* _TASK PROMPT_: Of the entries below, copy only those lines that contain the word "CENTRUM".

* _RECORDS SUPPLIED_:
######
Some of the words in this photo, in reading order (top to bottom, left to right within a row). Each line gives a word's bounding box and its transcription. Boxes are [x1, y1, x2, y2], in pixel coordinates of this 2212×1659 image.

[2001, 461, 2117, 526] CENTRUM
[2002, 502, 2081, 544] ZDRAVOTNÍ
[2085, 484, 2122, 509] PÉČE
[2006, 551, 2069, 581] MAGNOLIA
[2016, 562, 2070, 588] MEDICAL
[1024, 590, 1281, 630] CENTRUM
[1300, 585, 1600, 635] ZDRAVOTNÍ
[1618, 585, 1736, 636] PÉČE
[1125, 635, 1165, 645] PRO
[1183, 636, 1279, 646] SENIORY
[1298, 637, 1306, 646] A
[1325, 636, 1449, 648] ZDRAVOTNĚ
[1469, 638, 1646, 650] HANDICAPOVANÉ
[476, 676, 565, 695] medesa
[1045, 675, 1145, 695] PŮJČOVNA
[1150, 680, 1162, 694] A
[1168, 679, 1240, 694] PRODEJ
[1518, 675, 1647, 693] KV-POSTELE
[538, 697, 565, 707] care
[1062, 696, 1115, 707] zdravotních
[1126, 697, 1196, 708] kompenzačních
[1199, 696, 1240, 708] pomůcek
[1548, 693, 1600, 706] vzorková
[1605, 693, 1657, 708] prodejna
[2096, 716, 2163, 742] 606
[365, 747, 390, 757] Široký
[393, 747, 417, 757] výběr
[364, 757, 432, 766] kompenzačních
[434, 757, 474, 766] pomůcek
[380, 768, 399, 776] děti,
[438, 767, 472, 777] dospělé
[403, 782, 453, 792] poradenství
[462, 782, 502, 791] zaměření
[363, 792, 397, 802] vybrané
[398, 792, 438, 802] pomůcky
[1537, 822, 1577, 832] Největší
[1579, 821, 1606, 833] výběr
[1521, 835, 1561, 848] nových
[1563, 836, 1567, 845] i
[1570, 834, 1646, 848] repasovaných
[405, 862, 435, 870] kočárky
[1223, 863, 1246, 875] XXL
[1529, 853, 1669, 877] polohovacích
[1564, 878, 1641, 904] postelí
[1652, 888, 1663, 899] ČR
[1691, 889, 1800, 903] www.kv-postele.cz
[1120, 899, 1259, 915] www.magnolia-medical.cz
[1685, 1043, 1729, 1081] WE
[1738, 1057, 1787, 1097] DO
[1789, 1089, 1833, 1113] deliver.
######
* _SOLVED EXERCISE_:
[2001, 461, 2117, 526] CENTRUM
[1024, 590, 1281, 630] CENTRUM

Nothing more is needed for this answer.